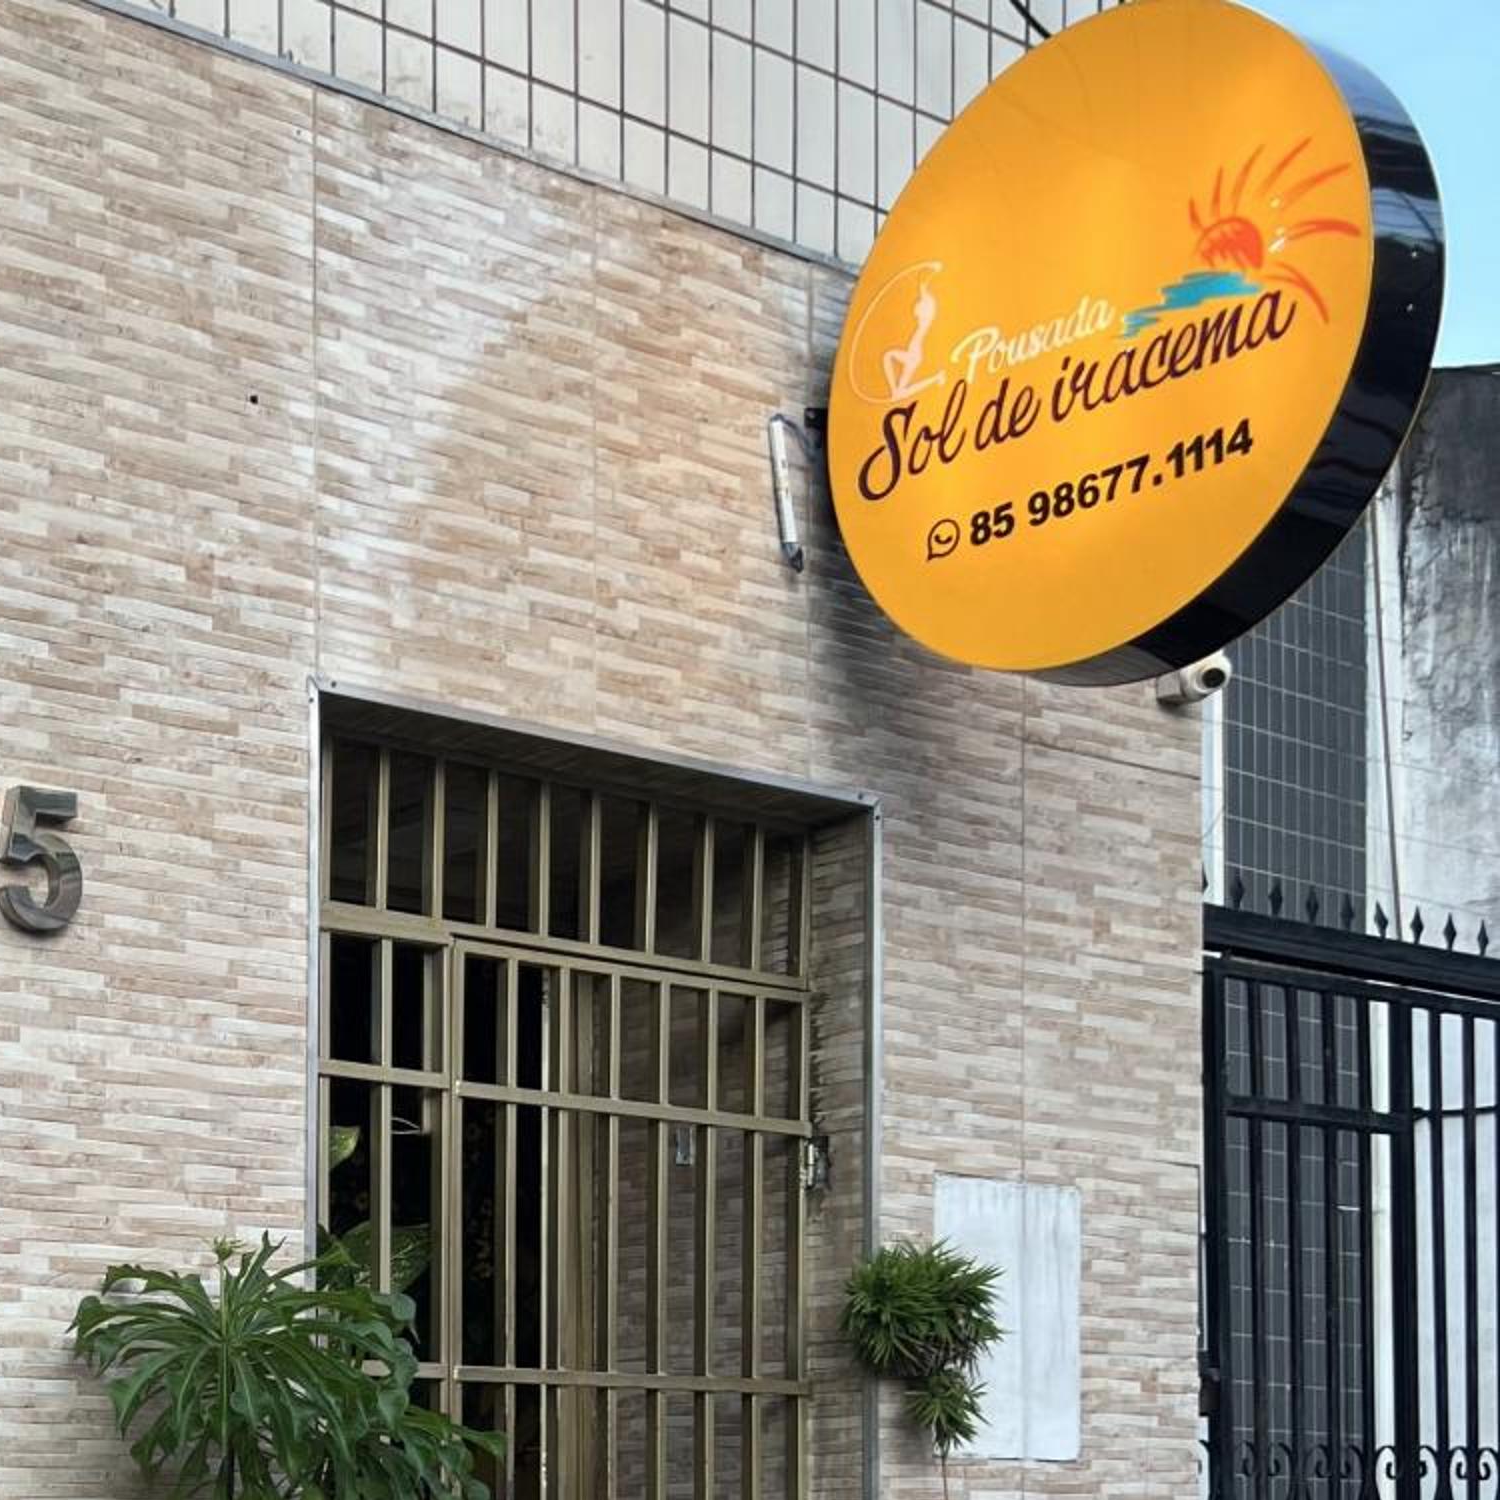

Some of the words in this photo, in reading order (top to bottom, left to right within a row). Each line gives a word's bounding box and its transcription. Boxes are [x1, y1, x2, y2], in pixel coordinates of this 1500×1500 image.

[857, 378, 968, 502] Sol
[974, 377, 1043, 452] de
[1050, 289, 1298, 423] iracema
[950, 295, 1117, 384] Pousada
[969, 501, 1016, 546] 85
[1027, 417, 1254, 527] 98677.1114

──────────

Give the entries again exactly. Pictures stay out.

Some of the words in this photo, in reading order (top to bottom, left to right within a row). Each line gives a word's bounding box and its transcription. Boxes are [x1, y1, x2, y2], in pixel coordinates of this 1500×1500 image.

[857, 378, 968, 502] Sol
[974, 377, 1043, 452] de
[1050, 289, 1298, 423] iracema
[950, 295, 1117, 384] Pousada
[969, 501, 1016, 546] 85
[1027, 417, 1254, 527] 98677.1114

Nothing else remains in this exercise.